Problem ::
Pictures aside, write out every record exactly as it appears.

Records to process ::
○ ○ ○ ○
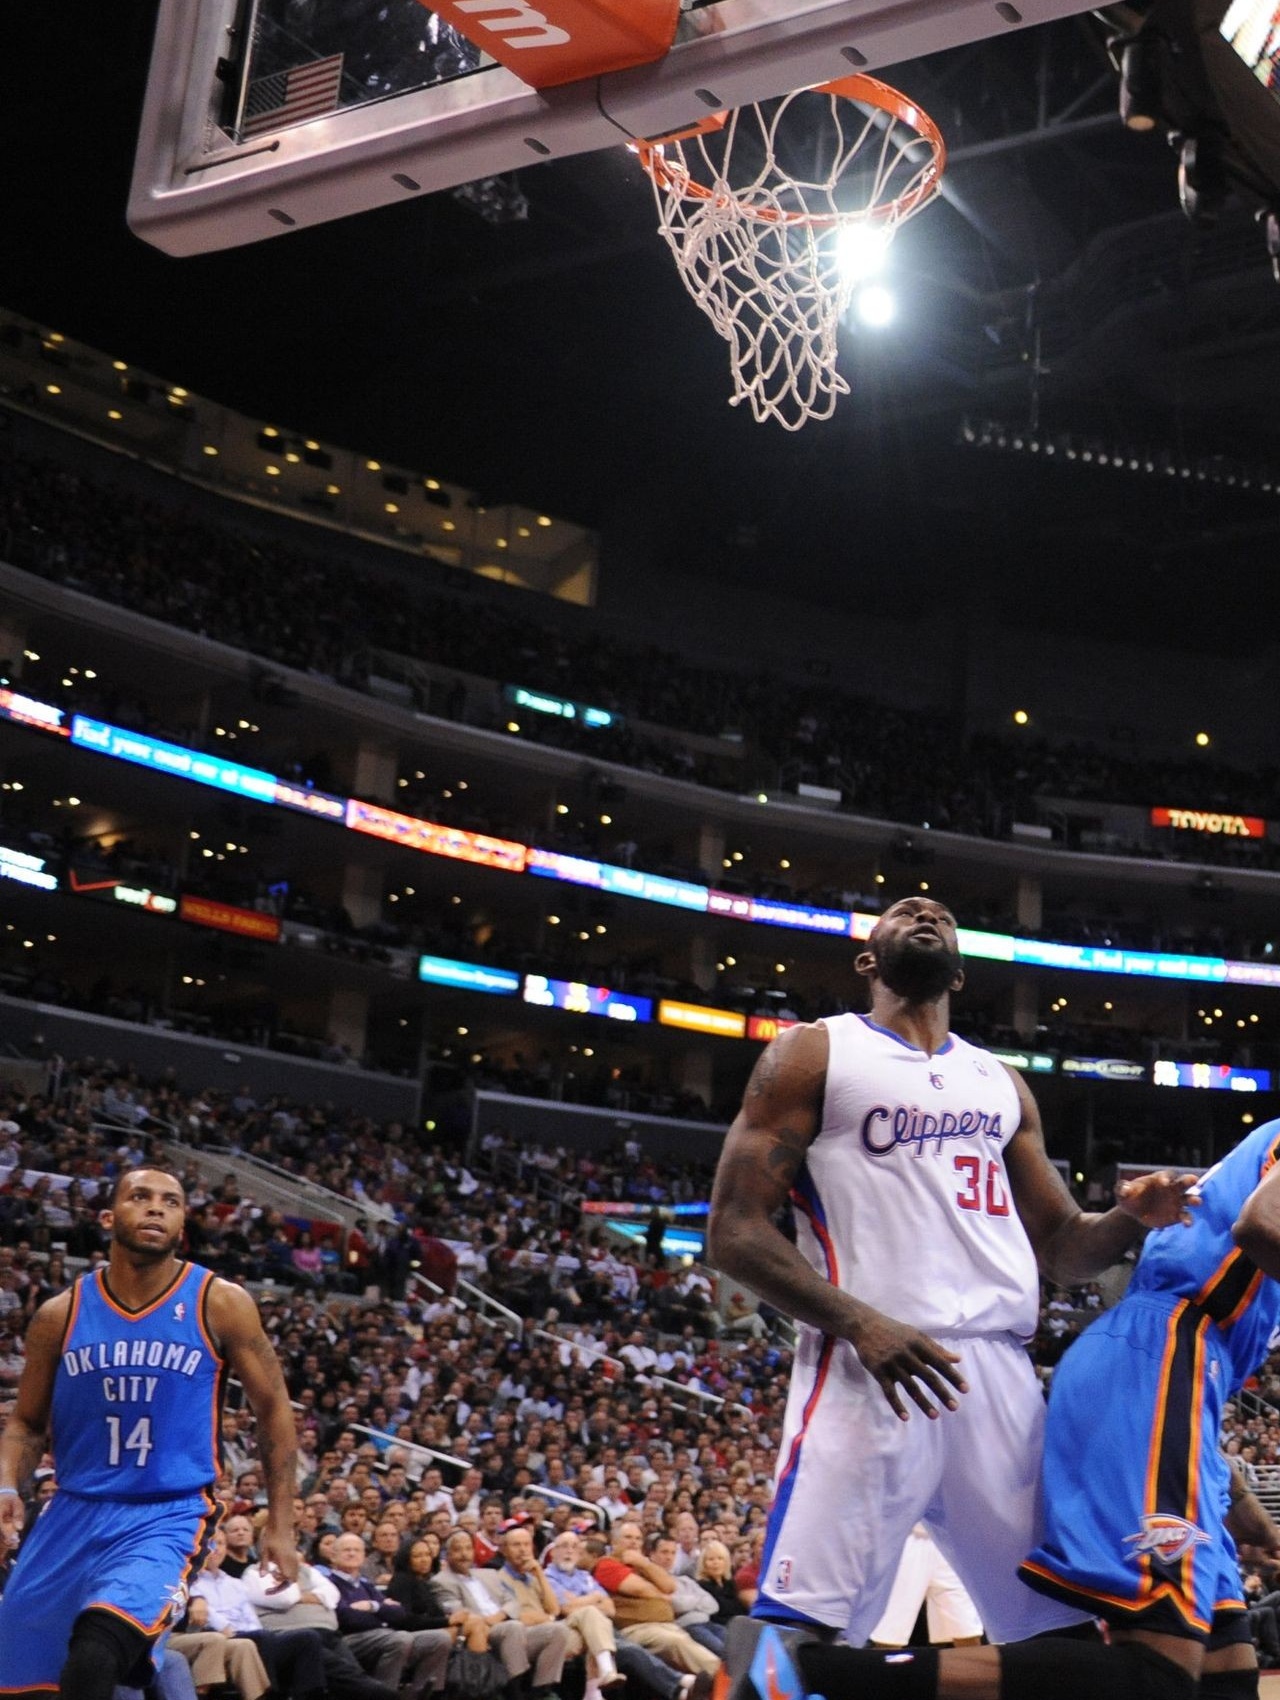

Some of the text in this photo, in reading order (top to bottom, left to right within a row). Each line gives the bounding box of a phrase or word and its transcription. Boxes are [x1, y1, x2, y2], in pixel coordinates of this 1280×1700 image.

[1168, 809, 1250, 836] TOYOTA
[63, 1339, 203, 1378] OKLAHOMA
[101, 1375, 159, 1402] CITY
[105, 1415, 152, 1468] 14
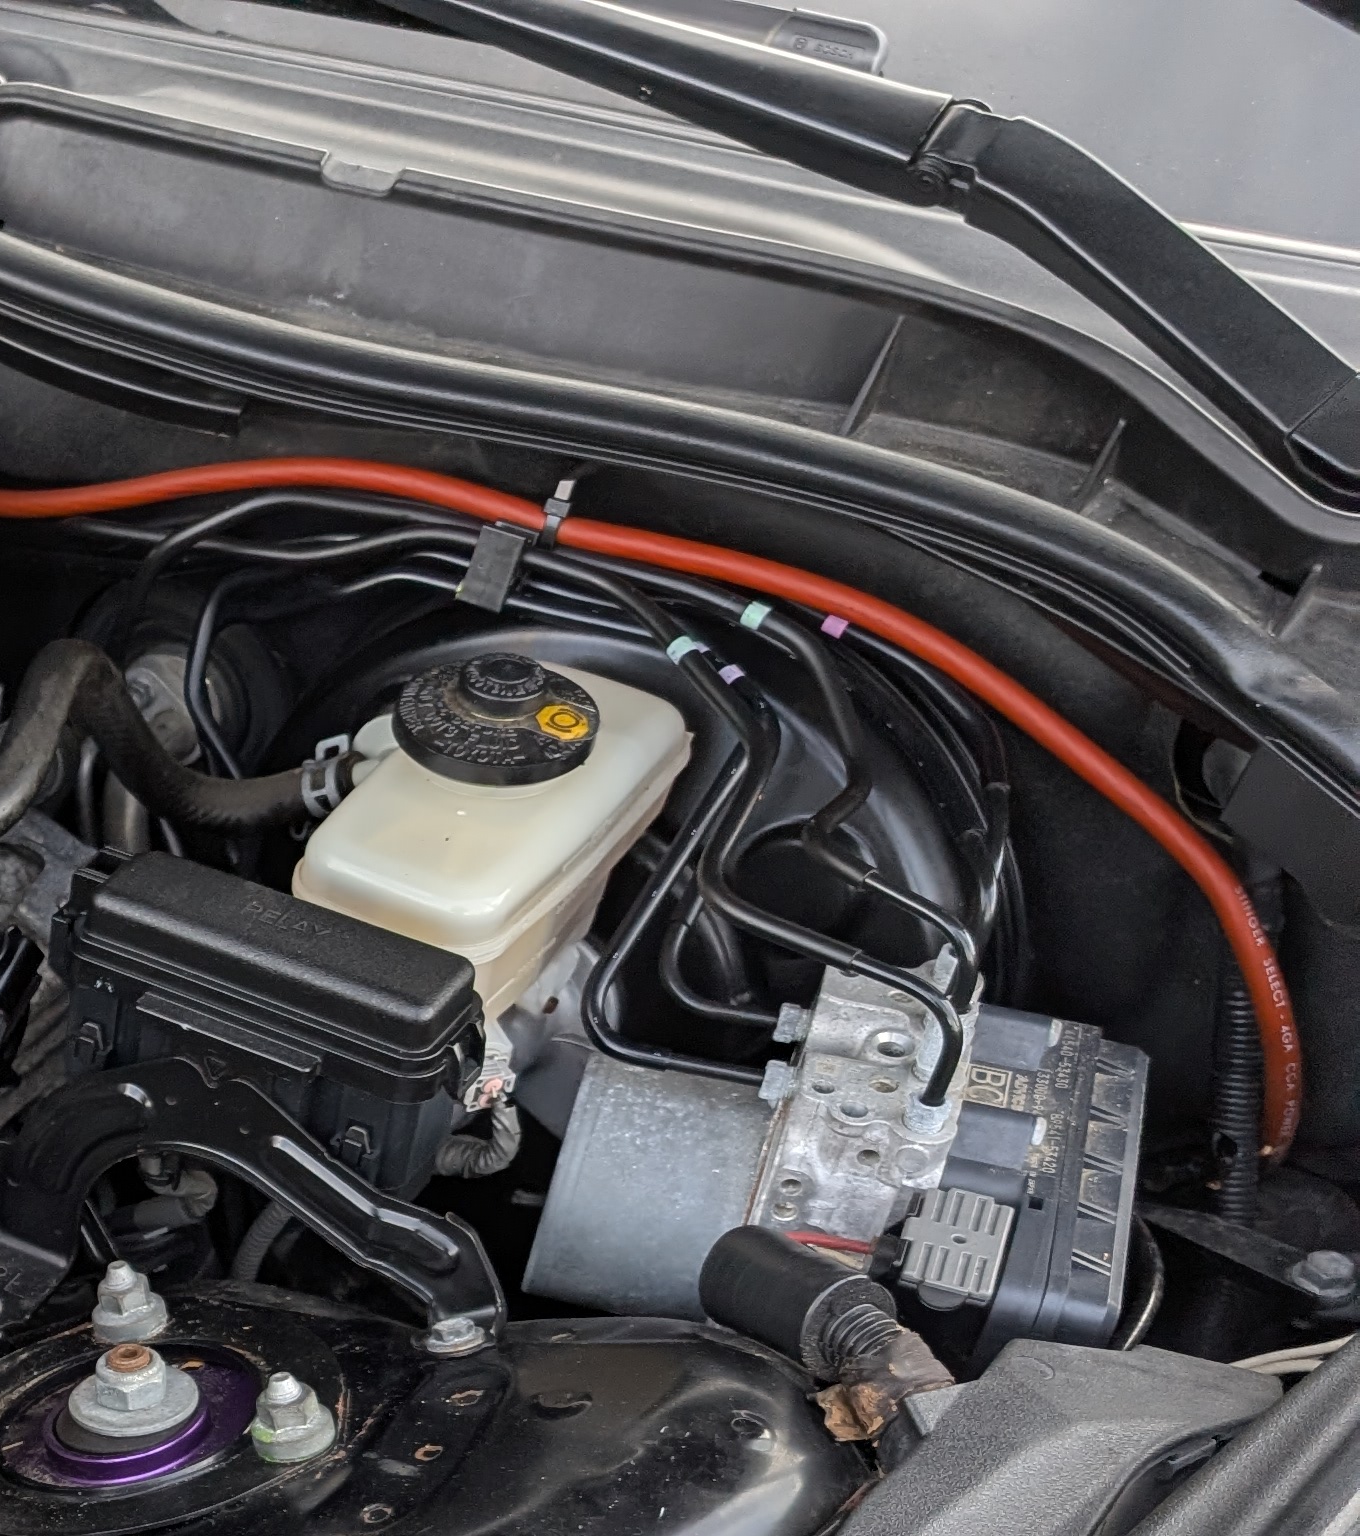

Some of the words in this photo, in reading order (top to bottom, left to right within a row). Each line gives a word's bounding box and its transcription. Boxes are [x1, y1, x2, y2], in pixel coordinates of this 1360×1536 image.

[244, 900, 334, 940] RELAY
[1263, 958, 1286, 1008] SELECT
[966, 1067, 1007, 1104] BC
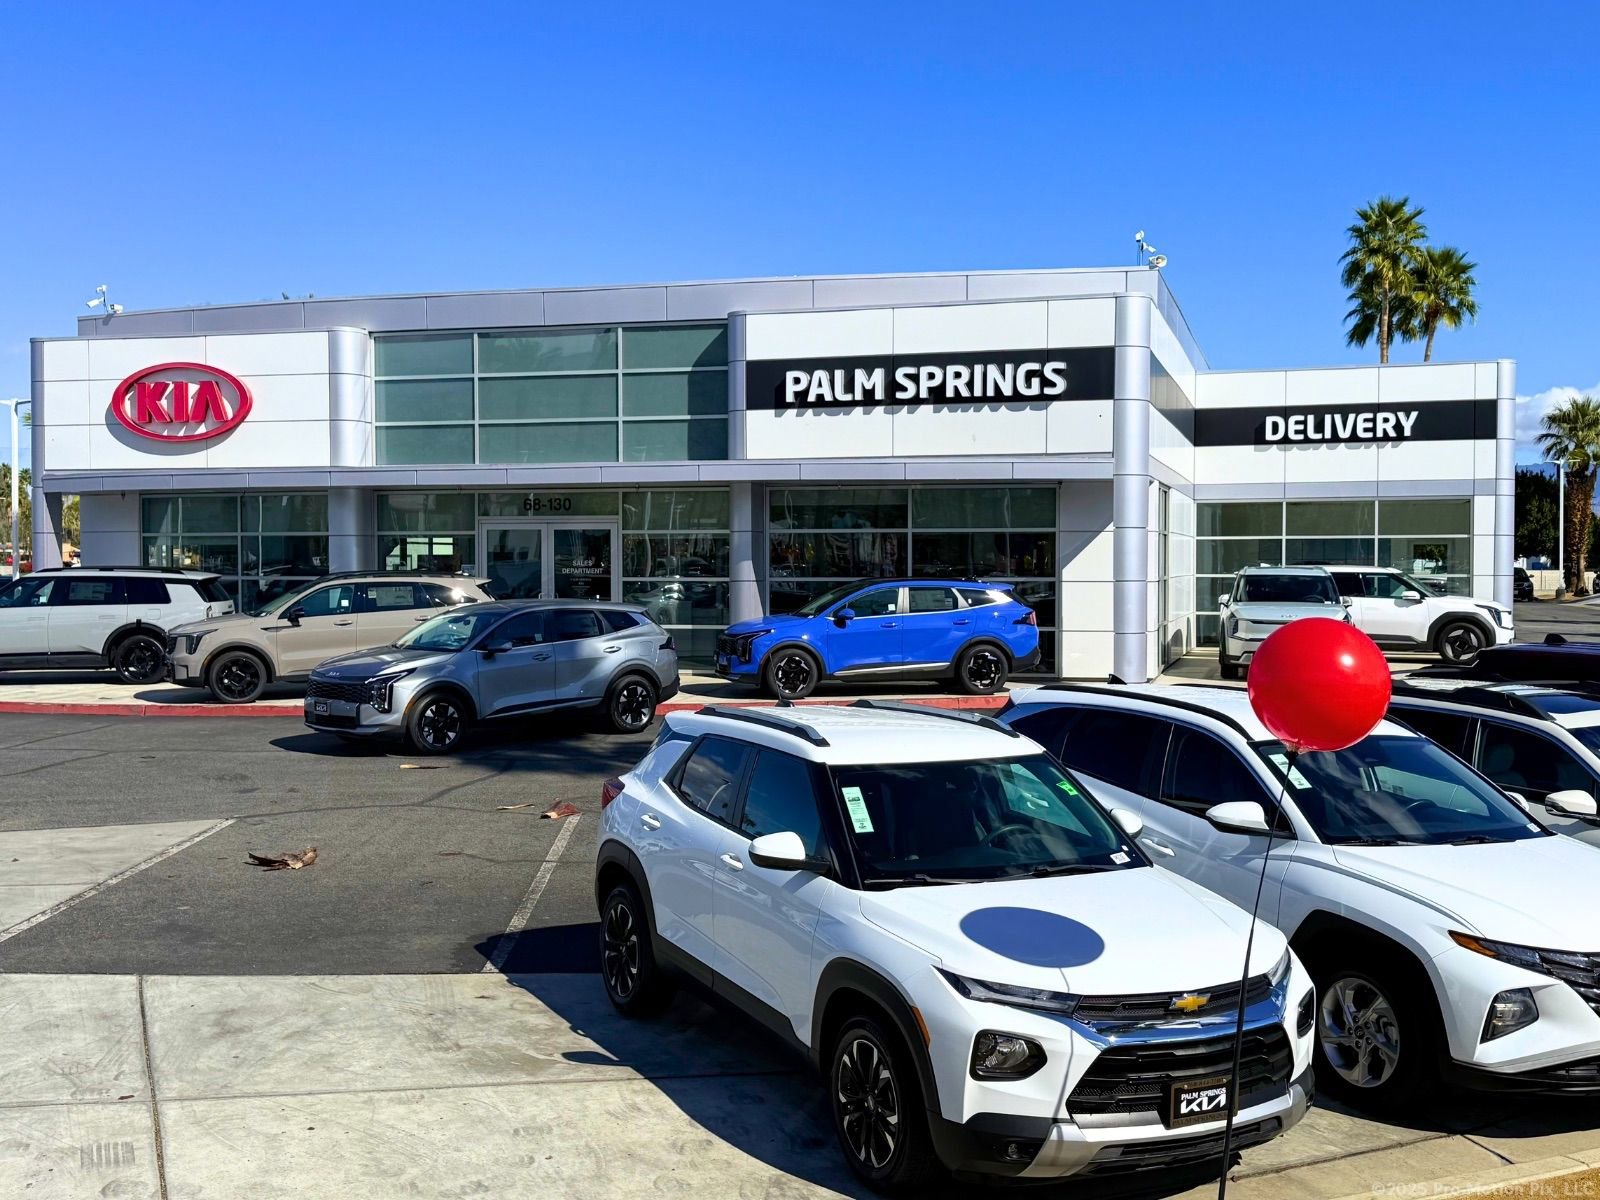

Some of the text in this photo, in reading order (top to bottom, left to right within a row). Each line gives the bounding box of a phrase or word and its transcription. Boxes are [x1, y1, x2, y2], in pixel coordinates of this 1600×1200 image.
○ ○ ○ ○
Result below ::
Some of the text in this photo, in reading order (top to bottom, left to right within a row). Each line gives the bounding box of a phrase or word and its transcription. Boxes are [x1, y1, x2, y2], in pixel coordinates of this 1280×1700 image.

[1168, 809, 1250, 836] TOYOTA
[63, 1339, 203, 1378] OKLAHOMA
[101, 1375, 159, 1402] CITY
[105, 1415, 152, 1468] 14

Some of the words in this photo, in reading order (top to bottom, left to right within a row). Each line gives a word's bounding box and its transcription. Boxes are [x1, y1, x2, y2], in pixel coordinates of this 1360×1536 image.

[244, 900, 334, 940] RELAY
[1263, 958, 1286, 1008] SELECT
[966, 1067, 1007, 1104] BC

Some of the text in this photo, in reading order (top to bottom, left to right within a row). Each line gives the bounding box of a phrase or word and its transcription. Boxes are [x1, y1, x2, y2], in pixel coordinates of this 1600×1200 image.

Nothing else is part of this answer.